Multinational food, drink and alcohol companies are using strategies similar to those employed by the tobacco industry to undermine public health policies, health experts said on Tuesday (12 February).
In an international analysis of involvement by so-called "unhealthy commodity" companies in health policy-making, researchers from Australia, Britain, Brazil and elsewhere said self-regulation was failing and it was time the industry was regulated more stringently from outside.
The researchers said that through the aggressive marketing of ultra-processed food and drink, multinational companies were now major drivers of the world's growing epidemic of chronic diseases such as heart disease, cancer and diabetes.
Writing in The Lancet medical journal, the researchers cited industry documents they said revealed how companies seek to shape health legislation and avoid regulation.
This is done by "building financial and institutional relations" with health professionals, non-governmental organisations and health agencies, distorting research findings, and lobbying politicians to oppose health reforms, they said.

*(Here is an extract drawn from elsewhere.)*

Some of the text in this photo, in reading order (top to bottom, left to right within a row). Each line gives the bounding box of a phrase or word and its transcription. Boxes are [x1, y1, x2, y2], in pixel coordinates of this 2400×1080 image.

They cited analysis of published research which found systematic bias from industry funding: articles sponsored exclusively by food and drinks companies were between four and eight times more likely to have conclusions that favoured the companies than those not sponsored by them.
"Regulation, or the threat of regulation, is the only way to change these transnational corporations," wrote the researchers, led by Rob Moodie from the University of Melbourne in Australia.

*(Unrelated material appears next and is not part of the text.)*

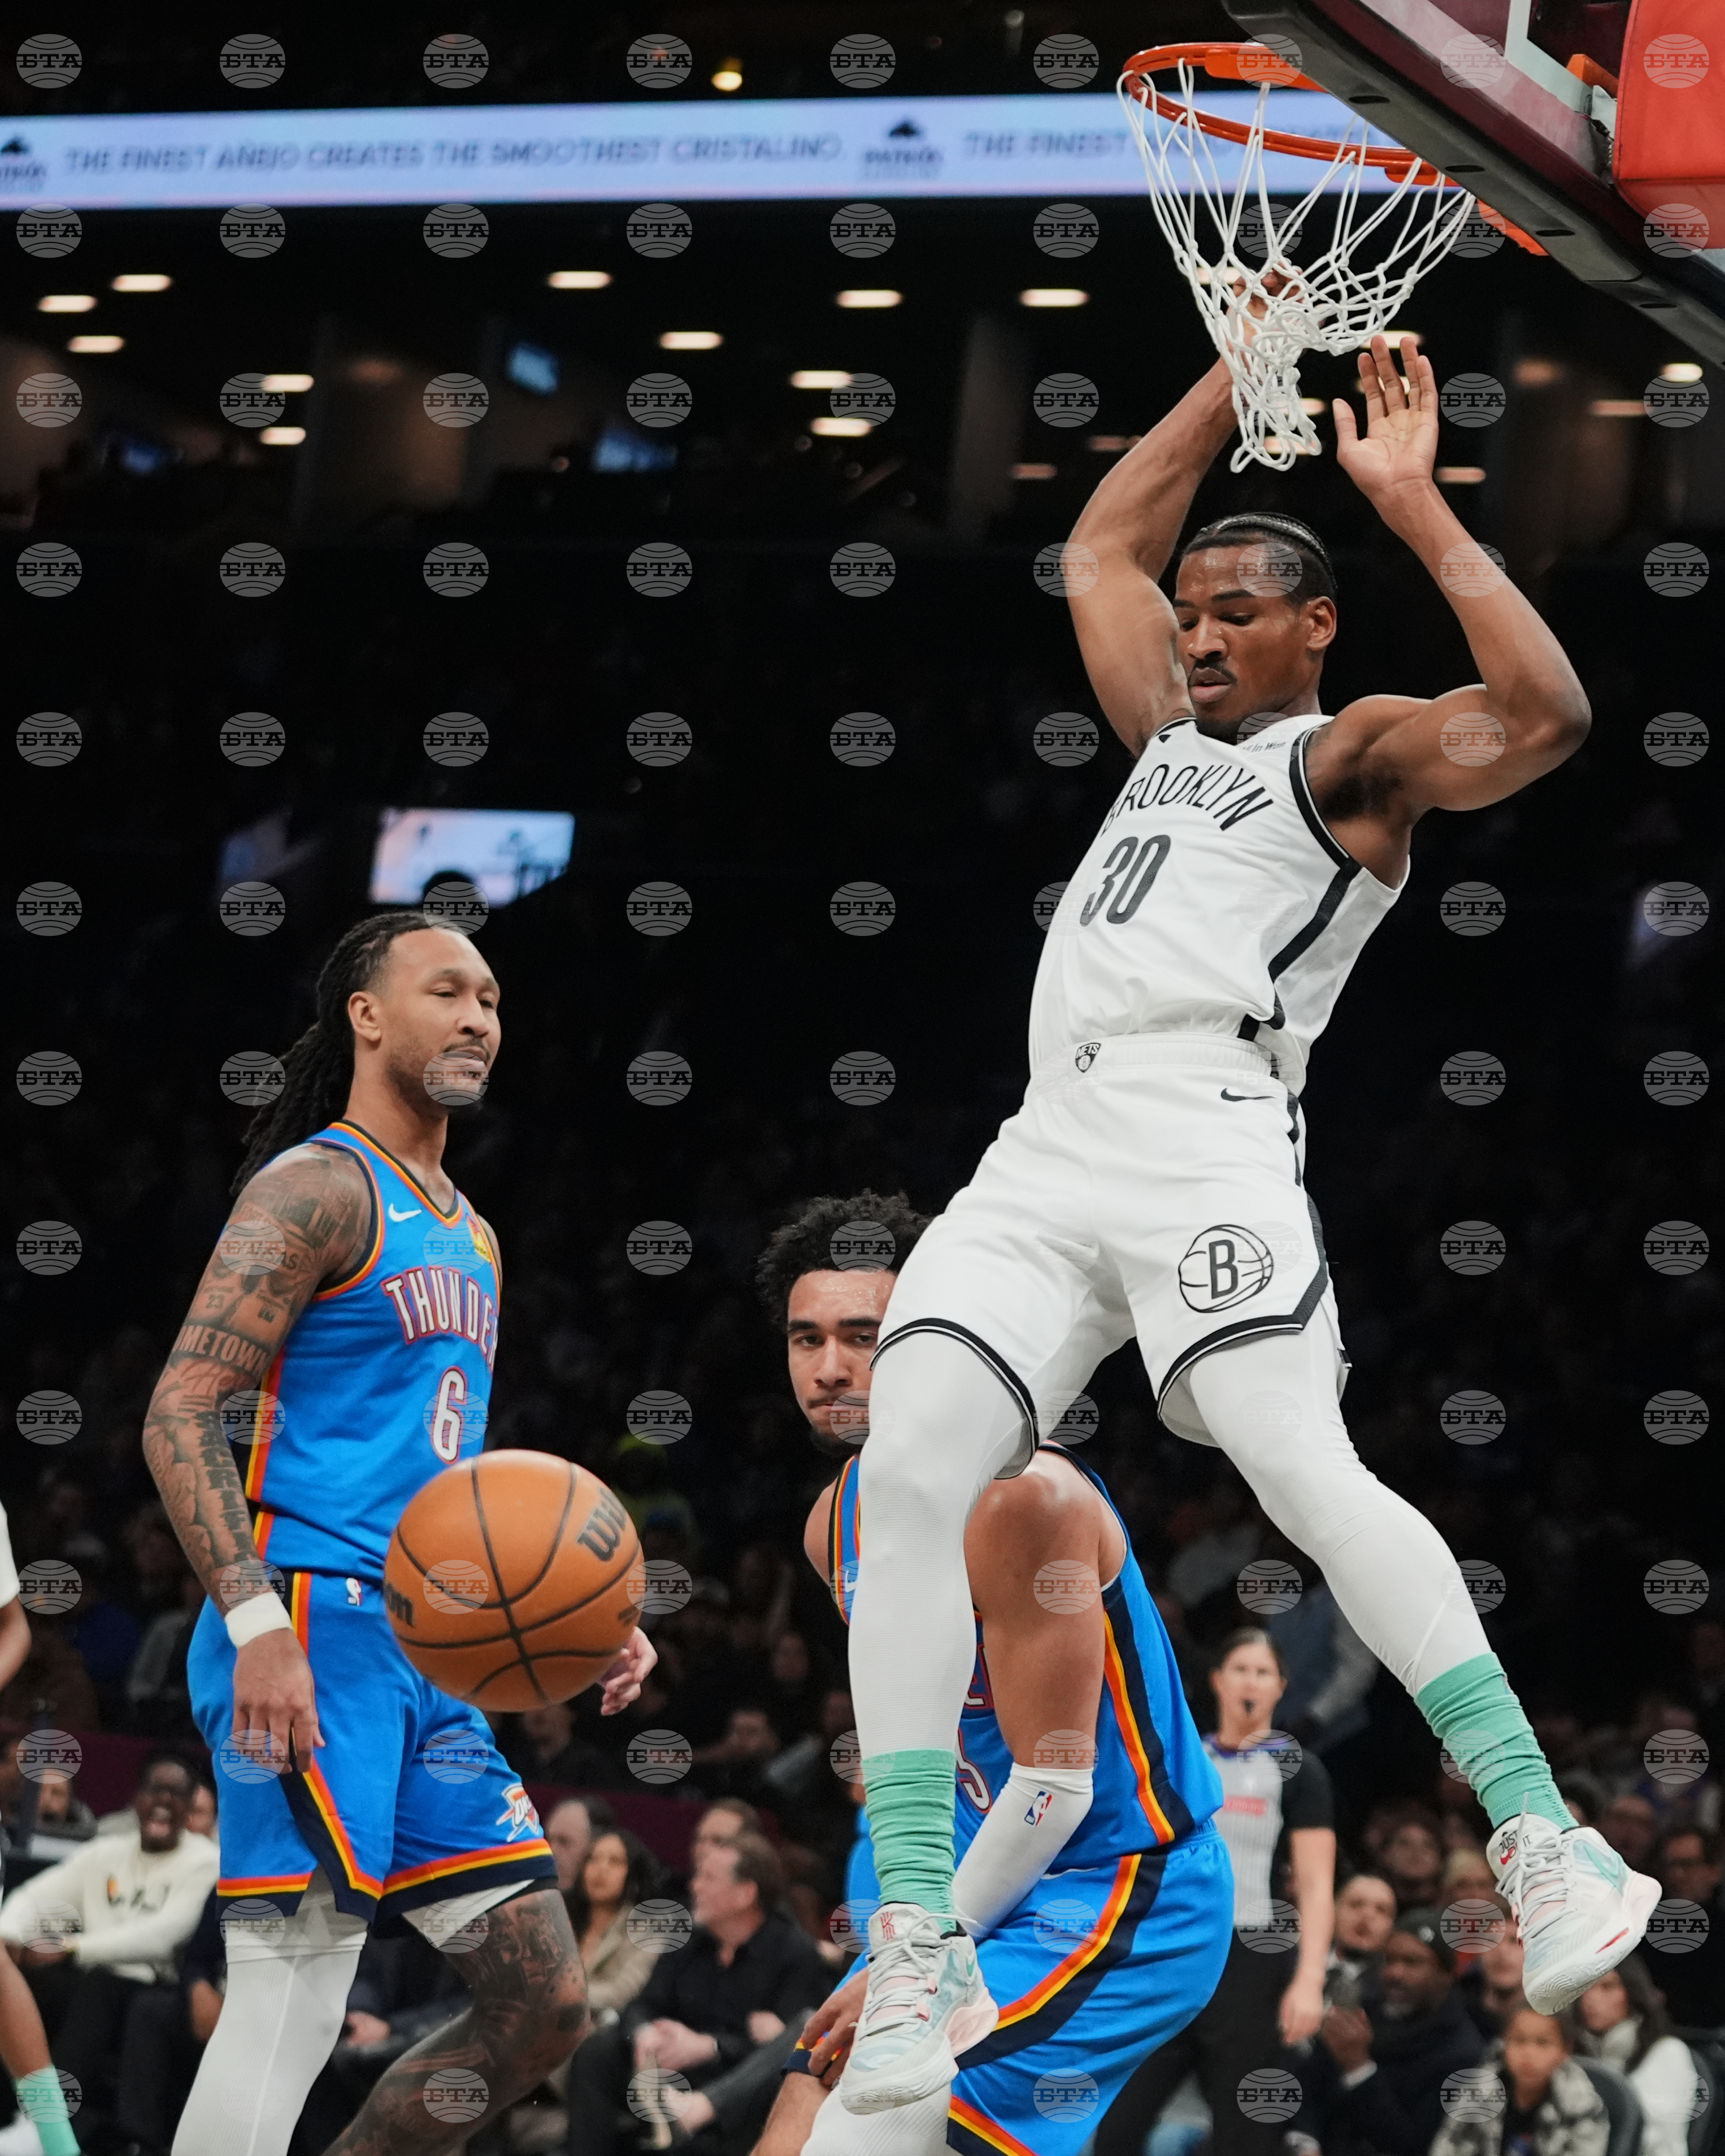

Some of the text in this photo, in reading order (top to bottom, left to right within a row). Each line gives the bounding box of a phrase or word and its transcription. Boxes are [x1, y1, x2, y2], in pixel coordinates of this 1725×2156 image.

Ian Gilmore, special adviser on alcohol to Britain's Royal College of Physicians said the findings were "a final nail in the coffin" of the idea that involving the alcohol industry in public health measures could work.
"Any government serious about public health should in future divorce its public health activities from industry involvement," Gilmore, who was not involved in study, said in a statement.
Responding to the study's criticisms, UNESDA, which represents the non-alcoholic drinks industry in Europe, said experts recognise obesity has many causes including diet, lack of exercise, genetics and lack of nutritional knowledge.
It added that, within the EU, the European Commission had opted to take a "multi-stakeholder approach gathering governments, industry, the healthcare community and civil society to work together to teach people how to eat better, take more exercise and lead healthy, balanced lifestyles".
The researchers said, however, that their evidence showed this collaborative approach had failed. They recommended that, in future, food, drinks and tobacco firms should have no role in national or international policies on chronic diseases.
Instead, they proposed a system of "public regulation" which they said would focus on directly pressuring industry by "raising awareness of their shady practices and maintaining active public pressure".
Responsible alcohol marketing pact
Simon Spillane is Senior Advisor at The Brewers of Europe, an association that represents the European brewing sector.
Speaking to EurActiv last year, he said it wasn't necessary to introduce stricter regulation within the EU as brewers have already committed themselves to comprehensive self-regulation that operates across all media.
"There are self-regulatory codes and implementation guidelines covering beer advertising in place across the EU, at regional, national and company level," Spillane said. "All these codes prohibit the targeting of minors under the legal purchasing age with any advertising for beer. This means that neither will the advert’s content be targeted at minors, nor will the advert appear, for example, during a children’s TV programme or in a magazine for adolescents," he stated.
The European Parliament has renewed calls last year to curb food and beverage advertising aimed at children and young people, with some MEPs even calling for a total ban on beer commercials aimed at youth.
At issue is whether the food and beverage industry can effectively regulate its own advertising practices.
UNESDA, the European non-alcoholic beverages association said they were aware of their appeal to young people and children and have already committed in 2006 to refrain from advertising to children under 12 on TV, print, online or social media.